Millions of Americans who followed immigration over the last few years were shocked to learn that the U.S. government had been running a cell phone app where inadmissible aliens could schedule their appointments to be released into the United States. More than 900,000 inadmissible aliens have used the app to get released into the country. This absurd program is now over. Congress should pass a law to make sure it never comes back.

Terminating all “categorical parole” programs

As part of his “Securing Our Borders” executive action, President Trump directs the Secretary of Homeland Security to “Terminate all categorical parole programs that are contrary to the policies of the United States established in my Executive Orders, including the program known as the ‘Processes for Cubans, Haitians, Nicaraguans, and Venezuelans [CHNV].’”

The vast majority of inadmissible aliens released into the country during the Biden administration (peaking at about 1 million people per year!) were done so through parole. Parole is a legal process but it is supposed to be granted on a case-by-case basis. The Biden-Harris administration granted parole to broad categories of people, essentially nullifying any legal limits on immigration Congress put in place.

One of those programs was the CHNV program mentioned above. Andrew R. Arthur at the Center for Immigration Studies gives the good, the bad, and the ugly on CHNV:

“According to CBP, through the end of December approximately 531,690 Cubans, Haitians, Nicaraguans, and Venezuelans arrived by air and were granted two-year periods of parole under the program, despite the fact that Congress never authorized it.

“As I have explained in the past, CHNV parole is uniquely vulnerable to trafficking and exploitation, and in fact DHS paused the program last summer amidst fraud concerns.

“Dealing with the hundreds of thousands of beneficiaries of the program here is the responsibility of ICE and Trump’s “border czar” Tom Homan, but the good news for them is that the application web page for CHNV parole is now blank, with the words “Page Not Found” greeting the curious.”

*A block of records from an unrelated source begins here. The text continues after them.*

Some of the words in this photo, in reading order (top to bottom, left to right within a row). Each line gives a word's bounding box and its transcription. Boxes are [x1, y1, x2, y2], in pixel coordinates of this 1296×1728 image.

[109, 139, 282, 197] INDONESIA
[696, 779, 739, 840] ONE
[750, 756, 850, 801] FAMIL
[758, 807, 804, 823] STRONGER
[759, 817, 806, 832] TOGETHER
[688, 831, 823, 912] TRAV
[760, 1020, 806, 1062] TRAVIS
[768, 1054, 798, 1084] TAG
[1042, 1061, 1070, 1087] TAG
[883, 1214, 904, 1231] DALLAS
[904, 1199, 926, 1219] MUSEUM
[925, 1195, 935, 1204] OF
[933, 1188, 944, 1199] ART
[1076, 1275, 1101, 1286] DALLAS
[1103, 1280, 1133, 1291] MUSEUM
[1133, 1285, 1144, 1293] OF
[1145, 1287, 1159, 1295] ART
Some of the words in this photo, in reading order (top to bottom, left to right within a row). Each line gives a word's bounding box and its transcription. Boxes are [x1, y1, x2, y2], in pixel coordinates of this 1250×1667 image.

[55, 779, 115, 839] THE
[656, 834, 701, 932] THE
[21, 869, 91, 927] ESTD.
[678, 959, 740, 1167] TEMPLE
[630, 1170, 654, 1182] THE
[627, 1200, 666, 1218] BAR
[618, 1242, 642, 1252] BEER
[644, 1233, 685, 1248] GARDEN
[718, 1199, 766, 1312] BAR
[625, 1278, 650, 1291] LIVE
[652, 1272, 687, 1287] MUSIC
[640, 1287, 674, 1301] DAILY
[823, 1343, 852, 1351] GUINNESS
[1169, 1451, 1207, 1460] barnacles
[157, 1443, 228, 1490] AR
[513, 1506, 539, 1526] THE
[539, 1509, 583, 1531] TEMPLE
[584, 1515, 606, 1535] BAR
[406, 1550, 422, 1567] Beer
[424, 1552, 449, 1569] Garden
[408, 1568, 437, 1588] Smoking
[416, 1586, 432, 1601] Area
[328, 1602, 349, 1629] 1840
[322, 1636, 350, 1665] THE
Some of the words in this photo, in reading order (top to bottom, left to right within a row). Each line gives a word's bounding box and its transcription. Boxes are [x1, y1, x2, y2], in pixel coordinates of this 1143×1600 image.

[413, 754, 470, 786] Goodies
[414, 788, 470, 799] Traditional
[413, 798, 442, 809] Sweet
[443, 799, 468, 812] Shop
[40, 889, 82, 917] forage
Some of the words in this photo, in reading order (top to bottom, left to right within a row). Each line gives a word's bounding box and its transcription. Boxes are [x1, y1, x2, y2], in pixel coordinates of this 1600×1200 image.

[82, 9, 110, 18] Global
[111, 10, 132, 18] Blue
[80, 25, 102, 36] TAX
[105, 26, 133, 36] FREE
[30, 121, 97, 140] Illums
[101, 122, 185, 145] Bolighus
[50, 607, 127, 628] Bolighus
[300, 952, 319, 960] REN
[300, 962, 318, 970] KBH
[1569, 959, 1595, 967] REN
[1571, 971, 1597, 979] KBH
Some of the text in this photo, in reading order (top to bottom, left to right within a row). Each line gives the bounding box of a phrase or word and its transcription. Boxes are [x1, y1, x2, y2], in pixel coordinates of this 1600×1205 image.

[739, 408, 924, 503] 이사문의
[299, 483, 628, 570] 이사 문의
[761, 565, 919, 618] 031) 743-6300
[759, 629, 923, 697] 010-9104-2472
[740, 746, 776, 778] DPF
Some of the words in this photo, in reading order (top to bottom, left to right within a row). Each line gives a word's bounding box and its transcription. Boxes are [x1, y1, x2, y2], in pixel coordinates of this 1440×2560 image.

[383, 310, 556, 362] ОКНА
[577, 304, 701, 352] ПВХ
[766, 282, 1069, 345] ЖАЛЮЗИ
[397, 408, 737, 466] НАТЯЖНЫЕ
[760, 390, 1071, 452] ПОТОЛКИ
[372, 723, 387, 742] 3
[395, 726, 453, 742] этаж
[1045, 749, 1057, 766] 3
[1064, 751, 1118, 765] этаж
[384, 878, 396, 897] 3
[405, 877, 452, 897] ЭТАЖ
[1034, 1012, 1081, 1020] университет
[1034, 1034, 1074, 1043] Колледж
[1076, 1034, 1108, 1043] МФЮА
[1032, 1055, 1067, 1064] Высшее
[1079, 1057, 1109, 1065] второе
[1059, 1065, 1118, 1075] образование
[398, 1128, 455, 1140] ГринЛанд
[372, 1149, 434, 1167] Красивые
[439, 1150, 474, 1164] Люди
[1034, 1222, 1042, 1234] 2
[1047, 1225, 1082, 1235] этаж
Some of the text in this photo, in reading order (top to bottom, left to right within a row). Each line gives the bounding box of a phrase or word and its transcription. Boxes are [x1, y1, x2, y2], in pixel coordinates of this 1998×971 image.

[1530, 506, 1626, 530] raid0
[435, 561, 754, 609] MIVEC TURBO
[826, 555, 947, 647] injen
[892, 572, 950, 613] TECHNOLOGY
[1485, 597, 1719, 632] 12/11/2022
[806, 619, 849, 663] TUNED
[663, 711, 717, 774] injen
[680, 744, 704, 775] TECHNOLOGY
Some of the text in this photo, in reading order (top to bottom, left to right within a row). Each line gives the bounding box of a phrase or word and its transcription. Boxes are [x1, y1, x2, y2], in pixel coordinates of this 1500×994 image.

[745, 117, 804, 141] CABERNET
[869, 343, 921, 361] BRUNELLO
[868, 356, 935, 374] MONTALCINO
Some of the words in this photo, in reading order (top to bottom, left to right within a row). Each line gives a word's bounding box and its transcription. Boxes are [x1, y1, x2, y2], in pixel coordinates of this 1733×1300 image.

Executive orders are only as good as the incumbent administration

Three of these actions should provide immediate relief at the border, and the fourth (birthright citizenship) would immediately start to provide relief in the interior if it were permitted to move forward. And there is more where they came from. Trump signed executive actions related to asylum, temporary protected status, and sanctuary cities to name a few. 

My colleague Andre Barnes likened these actions to the relief a patient feels after getting treated in the emergency room. It’s a good analogy. To take it a little further, let’s say our immigration system is the patient. The patient has been suffering from a serious credibility deficiency. The surgeon is in the room stabilizing the patient. As long as the surgeon is there, the patient will be stable. But the goal is for the patient to walk out of the hospital; to be healthy without the constant supervision of the surgeon. These executive orders are like a powerful medicine that is effective only as long as the patient keeps taking it. What the patient (immigration policy) needs is surgery (legislative reform) that will enable her to stand on her own.